デニス・レヘインの『夜に生きる』を読みました。レヘインのベスト、とは言えませんが、淡々としたハードボイルドは面白いです。今年読んだミステリのなかでは、ル・カレの「我らが背きし者」、コナリーの「かかし」、ダフィの「KGBから来た男」の次に面白かったです。レヘインは、ワンパターンになる前にシリーズを終えるという、あまり出来ない離れ業が出来るひとで、シリーズ外にも傑作の多い作家(「シャッター・アイランド」と「ミスティック・リバー」)です。シリーズのパトリックとアンジーのカップル探偵ものは、雰囲気も主人公のパターンもロバート・パーカーのスペンサーシリーズととてもよく似ていながら、スペンサーよりも重厚で骨太のハードボイルドを作り出したのにも驚きました。勿論、スペンサーシリーズは、ワンパターンなプロット(主人公たちは悪党に嫌がらせをし、相手が手を出すのを待って皆殺しにする)と、チープと言って良い程の主人公の万能感は欠点ではなく魅力になっているのですが(一度だけ瀕死の目に遭います)。シリーズの締め方も完璧です。

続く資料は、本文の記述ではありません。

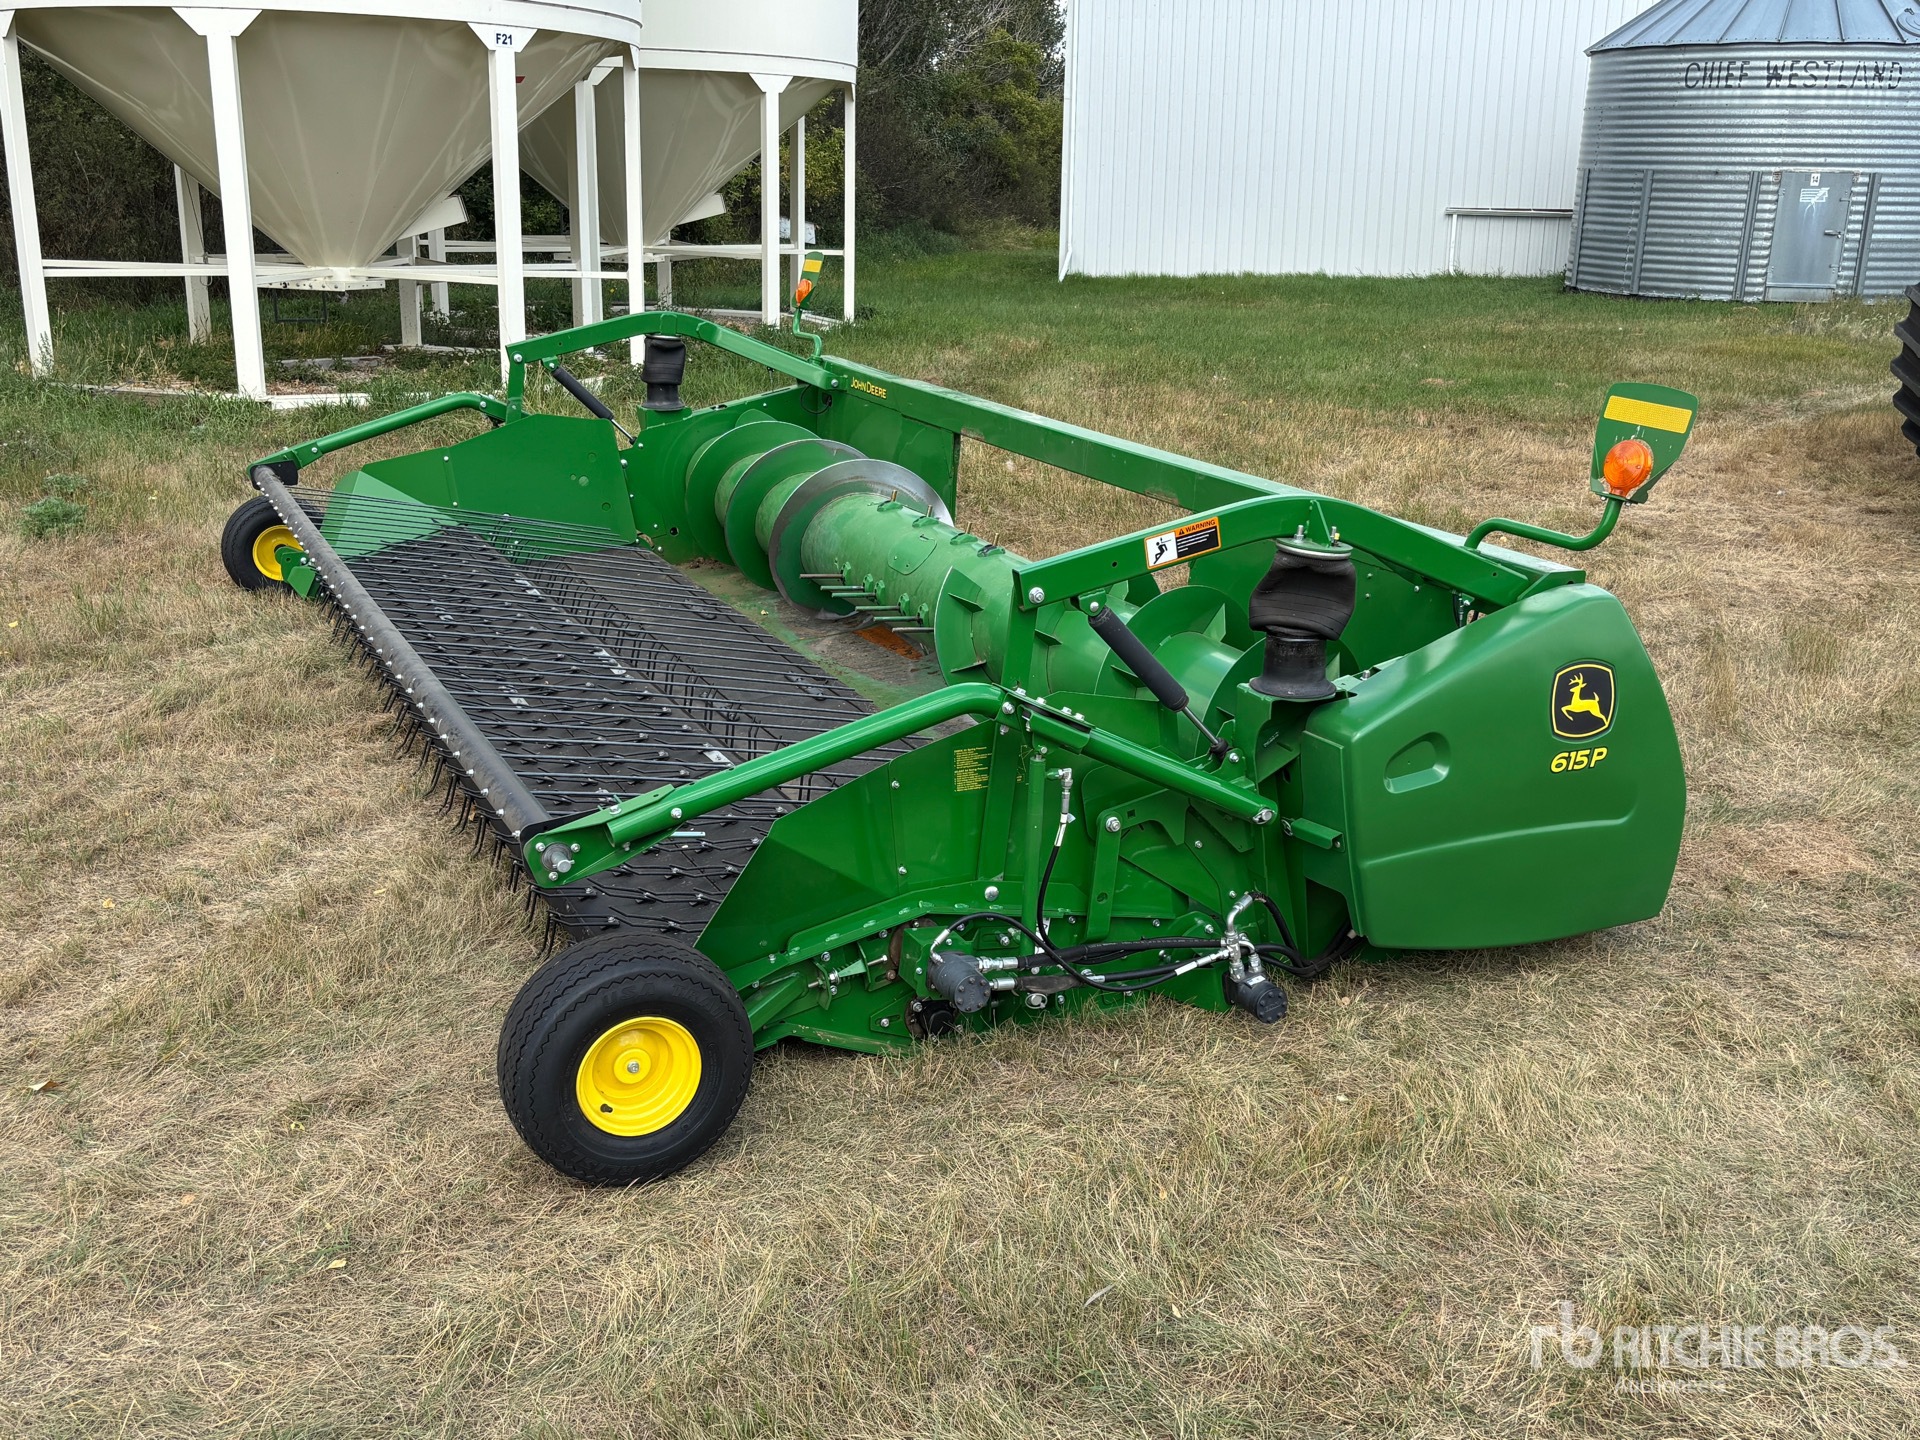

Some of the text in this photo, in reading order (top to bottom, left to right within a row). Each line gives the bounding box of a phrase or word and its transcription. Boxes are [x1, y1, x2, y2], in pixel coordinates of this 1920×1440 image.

このシリーズは、正義観が最後まで一貫しているところも素晴らしい。コナリーの「ボッシュ」シリーズは途中で一旦ぐたぐたになってしまうのに、彼らはそんなことはない。彼らは万能ではなく、そのことに納得して引退します。それが敗北ではなく、シリーズのなかで一番苦いエンディングを迎えた作品(『愛しき者はすべて去りゆく』)で揺らいだ自分の正義へのけじめになっているのが良いです。
今回の作品はパトリックアンドアンジーではなく、「運命の日」に続くコグリン兄弟を描いたのピカレスクロマンですが、「運命の日」と直接結びつくわけではないです。「運命の日」の長男ダニーが警官なのに対して「夜に生きる」の三男ジョーはギャング。多分次男を描いた作品がそのうち出るのでしょう(次男は映画界にいる設定です)。ここでも主人公は自分なりの正義の意識を確立し、なんとか貫きます。主人公の成長を描くという意味では典型的な教養小説です。ラッキー・ルチアーノも登場する禁酒法時代末期のギャング小説(主人公はずっとアウトローだと自己規定していますが、ある事件を機に、自分でも「ギャング」となります)ですが、ライバルや法秩序の側があまりに非道いので、私たちは主人公への共感を失わないで済みます。エンディングの苦さは教養小説の定番であると同時にノンシリーズのレヘインのいつもの魅力そのもの(「ミスティック・リバー」の苦さに近いかしら)。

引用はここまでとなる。